1990 was the worst year in the history of Orange County sports.
No ifs, ands, buts, substitutions or other nominees accepted.
Don’t give us 1966. Sure, that’s when the Angels moved to Anaheim Stadium. There was still some darned good high school football played around here, mister.
Don’t give us 1982. The Rams were 2-7 disasters that year, but the Angels saved their greatest playoff choke until 1986.
Don’t give us 1987. The Rams may have lost nine games and Eric Dickerson and the Angels may have tied for last, but the Cal State Fullerton football team and the UC Irvine basketball team didn’t go months without winning a game.
Unfortunately, someone had to give us 1990. We can’t give it back. This was the year somebody in operations decided to give Atlanta and Cleveland a break and bust some chops out West for a change. So Atlanta got the Olympics, Cleveland got Sandy Alomar, Jr. . . . and Orange County got the shaft.
Being bad is bad enough. But most years, you learn this about your teams well in advance, so you have time to prepare and maybe buy some good books. Not this one. The Rams and the Angels promised their fans the moon--there would be Super Bowls, there would be Mark Langston no-hitters--only to run them through the worst kind of imaginable hell on earth.
The Rams were going to win it all. Sports Illustrated said so. In January, the Rams eclipsed everyone this side of San Francisco and would have cold-cocked Denver in Super XXIV if given the chance. By September, odds were that San Francisco would finally get bored and the Rams, with Jim Everett beating clocks and Curt Warner turning his back, couldn’t help but break through.
The Angels weren’t necessarily going to win it all, but they were damn well going to match Oakland arm-for-arm.

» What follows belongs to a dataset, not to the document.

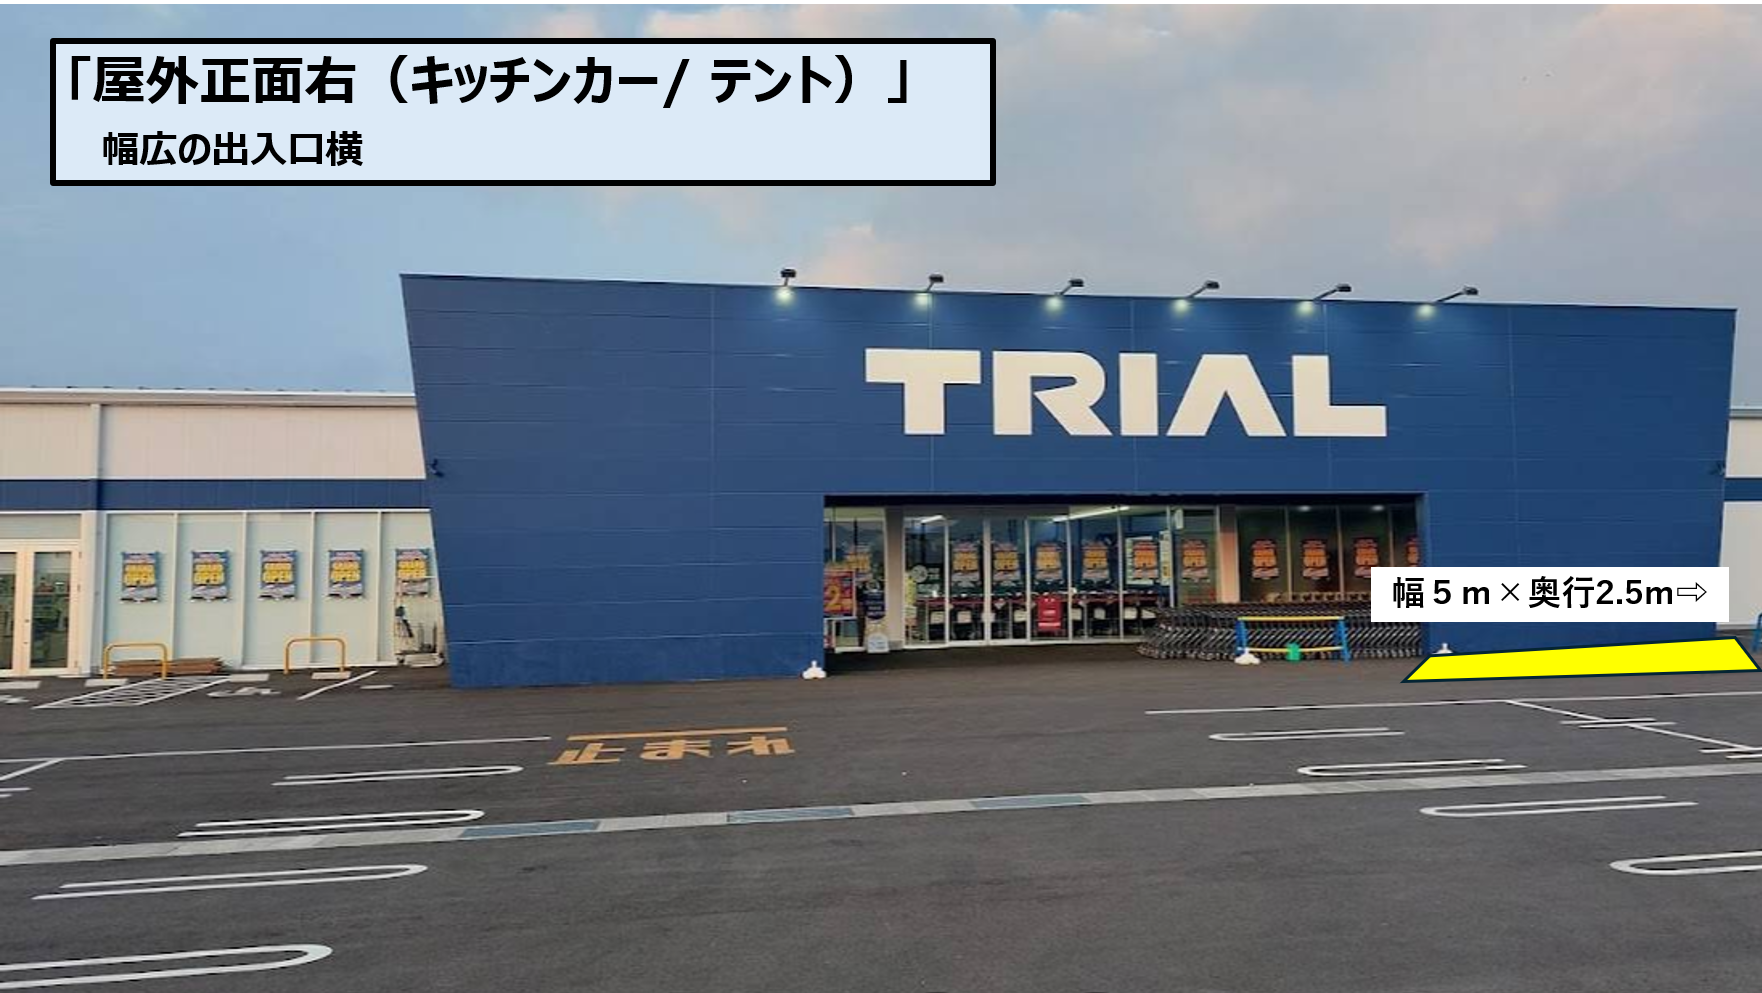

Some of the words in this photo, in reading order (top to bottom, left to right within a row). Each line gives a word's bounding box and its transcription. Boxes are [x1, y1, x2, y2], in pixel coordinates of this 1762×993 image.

[866, 349, 1387, 437] TRIAL
[548, 736, 795, 766] 止まれ

You have Dave Stewart, we have Mark Langston, thanks to 16 more of Gene Autry’s millions. You have Bob Welch, we have Chuck Finley. You have Mike Moore, we have Bert Blyleven. With a little more offensive pop, who knows?--and on May 11, the Angels landed Dave Winfield.
A big deal?
The Angels couldn’t even stay in the race long enough to greet Winfield in fifth place. After 30 games, they were tied for last--11-19, 12 games out. This included three victories in their first four games, including Langston’s brazen debut: A combined no-hitter with Mike Witt. Afterward, Autry said he hoped Langston could do it two or three more times.

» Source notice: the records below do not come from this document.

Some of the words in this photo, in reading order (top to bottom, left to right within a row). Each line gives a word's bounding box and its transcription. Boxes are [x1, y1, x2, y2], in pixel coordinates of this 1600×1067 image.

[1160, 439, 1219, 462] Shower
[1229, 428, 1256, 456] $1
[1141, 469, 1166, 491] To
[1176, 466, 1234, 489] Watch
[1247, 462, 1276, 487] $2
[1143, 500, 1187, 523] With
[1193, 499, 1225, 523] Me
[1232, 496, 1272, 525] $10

Did Langston ever win again? The mind goes numb trying to recall. A trip through the record book shows he finished 10-17, but that was after he had sunk to 5-15. So at least Langston made good use of garbage time. This year, the Angels had five months of it. Their final numbers: 80-82, fourth place, 23 games behind Oakland.

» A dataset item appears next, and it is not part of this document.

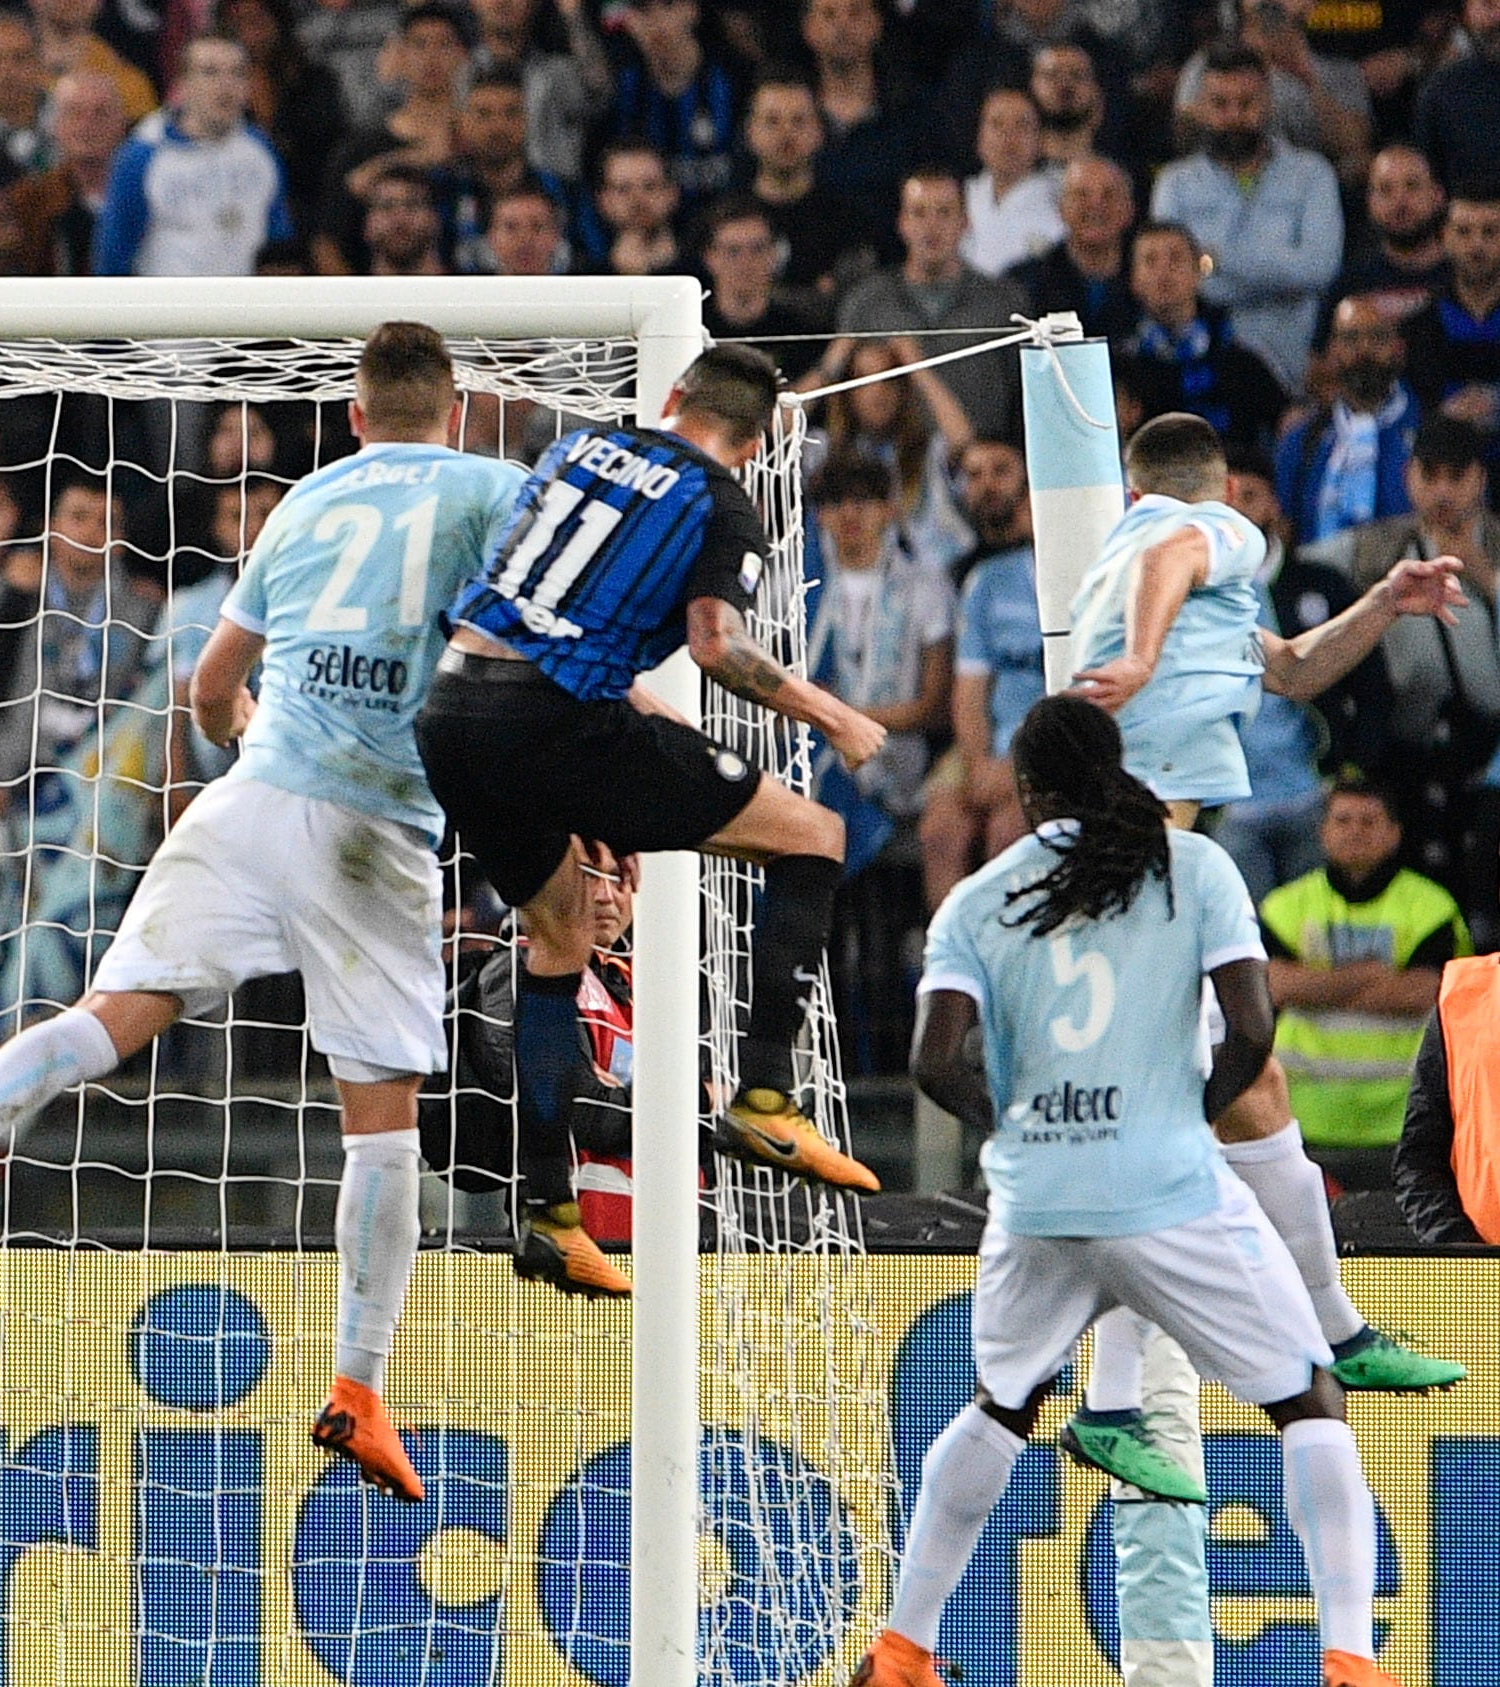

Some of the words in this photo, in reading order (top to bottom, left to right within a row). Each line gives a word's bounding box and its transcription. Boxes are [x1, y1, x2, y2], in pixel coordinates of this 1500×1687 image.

[565, 434, 680, 500] VECINO
[304, 494, 439, 632] 21
[498, 478, 623, 609] 11
[1051, 932, 1116, 1051] 5

The Rams needed two whole months to tank their season. Their opener, a 36-24 thumping by the Anthony Dilweg-led Green Bay Packers, was seen as either a skittish aberration or an omen for trouble. It proved to be the latter--and so much more.
The Ram defense, 21st in the league in 1989 and 28th against the pass, was worse than anyone could have imagined. In one abominable five-game stretch, from Sept. 23 through Oct. 29, the Rams allowed 27 points to Philadelphia, 34 to Cincinnati, 38 to Chicago, 24 to Atlanta and 41 to Pittsburgh. Twenty-four to Atlanta? Not bad, thought Coach John Robinson, who handed out game balls to his six defensive coaches after that one.
Before you could add up the missed tackles, the Rams were 3-7 and their playoff hopes gone. So, too, was Warner, old Seattle Slow, released after the ninth game, after averaging 2.8 yards per carry. His job was handed to Cleveland Gary, who dropped that and just about everything else, fumbling 11 times--or until Robinson couldn’t take it anymore. Tonight, the Rams are 5-10 and will close their season in New Orleans with Marcus Dupree at tailback.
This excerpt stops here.